- [Task instructions]:
Which lines of the data below include the string "water"? Return each of them.

- [Available data]:

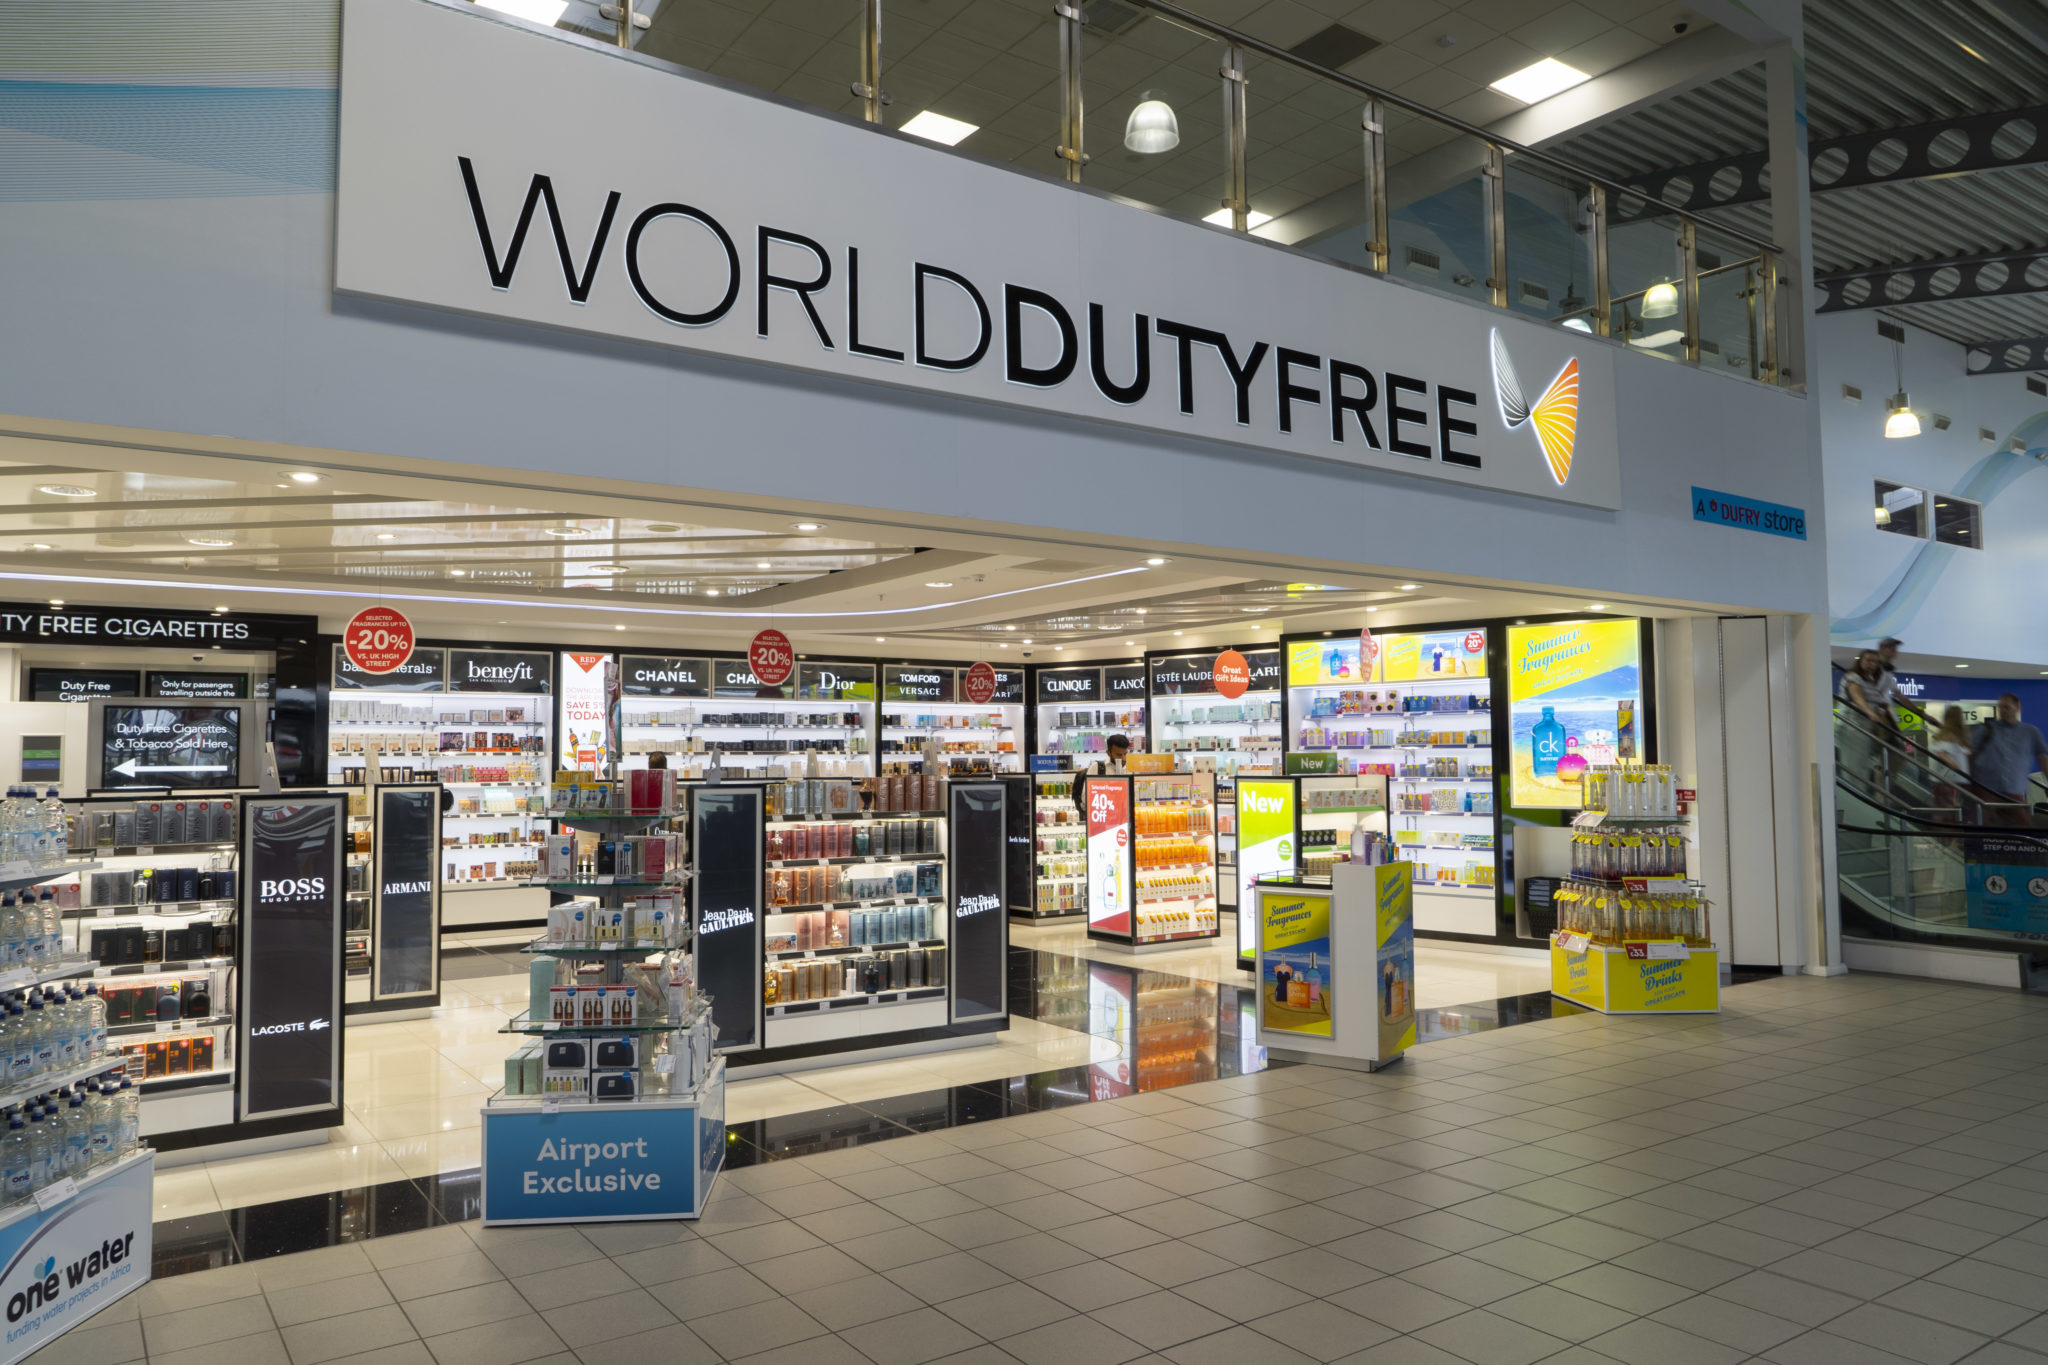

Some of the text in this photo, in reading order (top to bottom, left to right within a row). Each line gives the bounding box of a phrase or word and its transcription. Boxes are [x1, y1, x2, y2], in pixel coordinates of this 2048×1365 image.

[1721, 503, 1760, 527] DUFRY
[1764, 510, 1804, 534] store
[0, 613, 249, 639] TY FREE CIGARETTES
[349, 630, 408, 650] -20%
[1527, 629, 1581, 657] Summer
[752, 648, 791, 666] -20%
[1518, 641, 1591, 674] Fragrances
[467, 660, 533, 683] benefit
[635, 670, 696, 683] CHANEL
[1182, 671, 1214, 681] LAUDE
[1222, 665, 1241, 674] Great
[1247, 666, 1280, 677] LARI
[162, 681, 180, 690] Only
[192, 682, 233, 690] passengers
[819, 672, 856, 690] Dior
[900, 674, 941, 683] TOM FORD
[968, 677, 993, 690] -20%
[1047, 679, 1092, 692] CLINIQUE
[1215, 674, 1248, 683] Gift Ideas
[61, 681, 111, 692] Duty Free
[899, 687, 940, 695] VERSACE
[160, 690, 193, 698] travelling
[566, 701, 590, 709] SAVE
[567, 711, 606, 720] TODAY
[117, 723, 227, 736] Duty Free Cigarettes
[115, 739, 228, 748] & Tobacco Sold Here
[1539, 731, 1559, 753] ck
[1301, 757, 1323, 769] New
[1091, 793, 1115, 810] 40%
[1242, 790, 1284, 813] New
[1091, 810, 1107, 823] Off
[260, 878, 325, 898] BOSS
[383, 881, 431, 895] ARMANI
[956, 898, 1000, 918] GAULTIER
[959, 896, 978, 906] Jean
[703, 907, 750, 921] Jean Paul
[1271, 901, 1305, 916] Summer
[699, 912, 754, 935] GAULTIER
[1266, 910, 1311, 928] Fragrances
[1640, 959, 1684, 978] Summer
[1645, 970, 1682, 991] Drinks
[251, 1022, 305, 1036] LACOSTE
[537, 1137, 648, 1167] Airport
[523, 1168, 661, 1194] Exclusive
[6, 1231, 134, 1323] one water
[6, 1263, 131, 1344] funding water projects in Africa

- [Task output]:
[6, 1231, 134, 1323] one water
[6, 1263, 131, 1344] funding water projects in Africa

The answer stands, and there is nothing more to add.